A milestone in medical science, the first laboratory-grown organ was implanted into a patient in 1999 by Dr. Anthony Atala of the Wake Forest Institute for Regenerative Medicine (WFIRM). The bladder was not synthetic or simulated tissue, but engineered to be biologically similar to the patient’s original bladder cells. For the past 18 years, the WFIRM team has continued their innovative approach to organ replacement and are now exploring bioprinting technologies for the development of warfighter countermeasures.
In a joint effort between the Defense Threat Reduction Agency’s Joint Science and Technology Office and WFIRM, Atala and his team are utilizing the technology to develop interconnected human organoids for pre-clinical testing. Researchers will use these organoids to evaluate the safety and pharmacological effects of new drug candidates and their metabolites. The project, eX vivo Capacity for Evaluation and Licensure -Focused Innovative Technologies, or XCEL FIT, utilizes both bioprinting and bioinks to test drug-to-drug or organ-to-organ interactions under various drug exposures.

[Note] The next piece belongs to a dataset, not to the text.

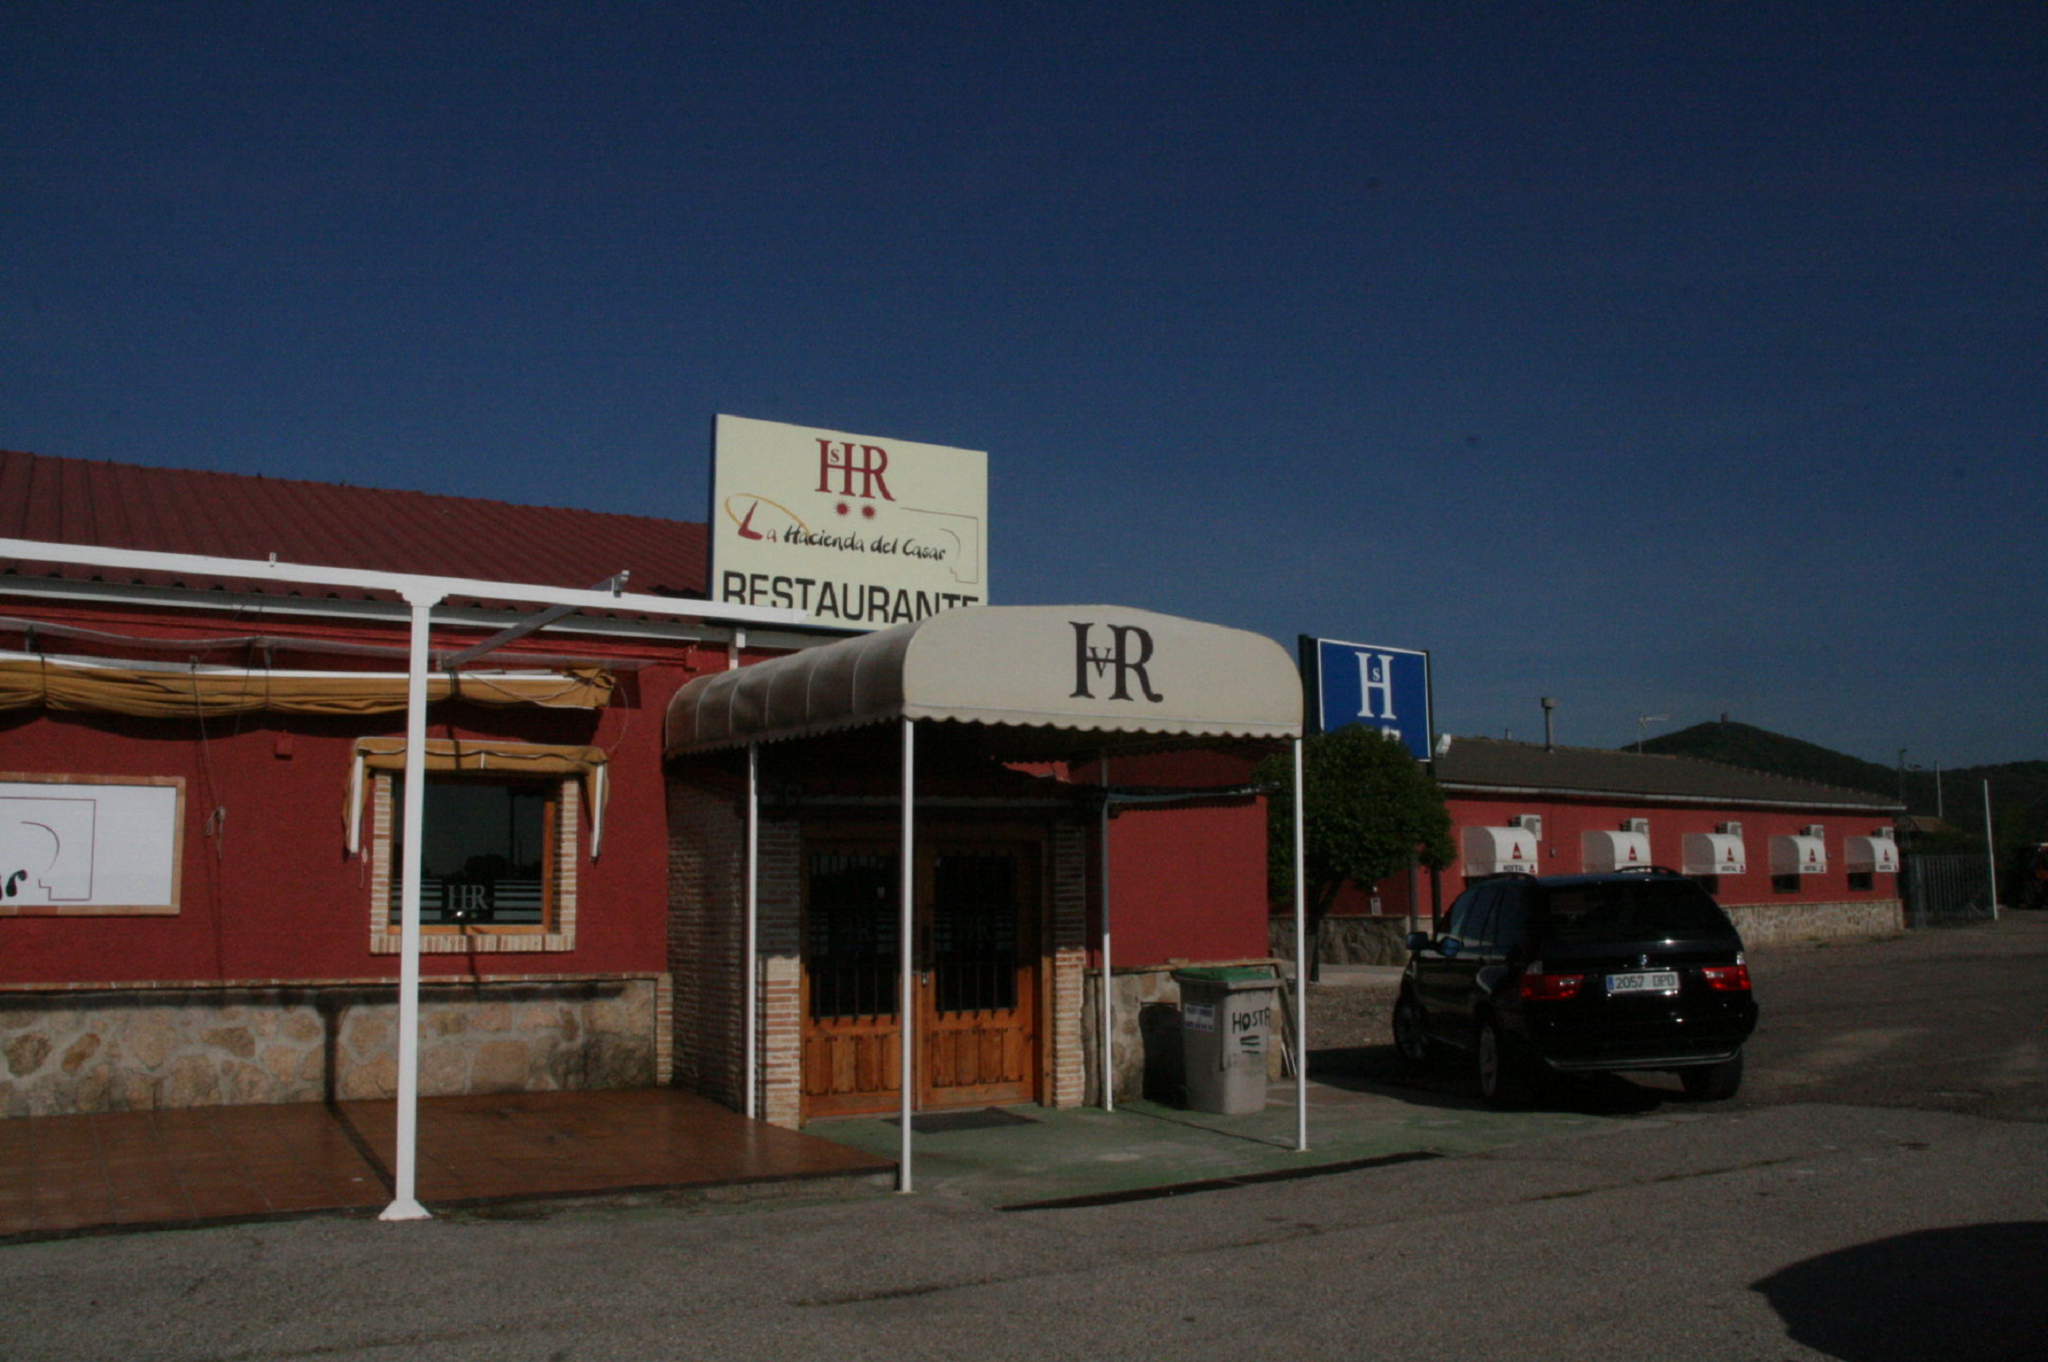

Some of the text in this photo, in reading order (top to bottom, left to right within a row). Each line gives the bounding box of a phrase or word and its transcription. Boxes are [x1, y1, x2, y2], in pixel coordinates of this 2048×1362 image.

[737, 500, 946, 561] La Hacienda del Casar
[722, 570, 980, 624] RESTAURAN
[1615, 975, 1645, 990] 2057

This project allows WFIRM researchers to test Department of Defense threat agents, which cannot be tested in humans due to their high toxicity. The organoids will bridge a gap between animal testing and Phase I clinical trials that are normally conducted in human volunteers. Although using the organoids will add another layer to the drug development process, the enhanced process will save lives and reduce drug development costs. Composed of human cells, WFIRM’s interlinked organoid models may also offer enhanced capabilities for predictive toxicology, which the FDA is receptive to.
Potential drug candidates get their initial biological testing in cell cultures, known as in vitro testing, that initiates the process of determining drug toxicity levels or which organs may be most susceptible. The next phase, called in vivo testing, utilizes animal models (rodents to non-human primates) to evaluate the biological half-life, exposure levels and toxicities for the candidate drug and its metabolites. These assessments are required by the FDA to conduct clinical trials to prove efficacy, but are expensive and can pose safety risks to humans.
However, many compounds that enter the clinical phase fail due to some degree of toxicity in human subjects. In fact, candidate drugs fail so often during this phase that this key transition is referred to as the “Valley of Death” for drug research and development. There are numerous examples of drug candidates
displaying significant adverse events during human safety evaluations that had not been previously indicated.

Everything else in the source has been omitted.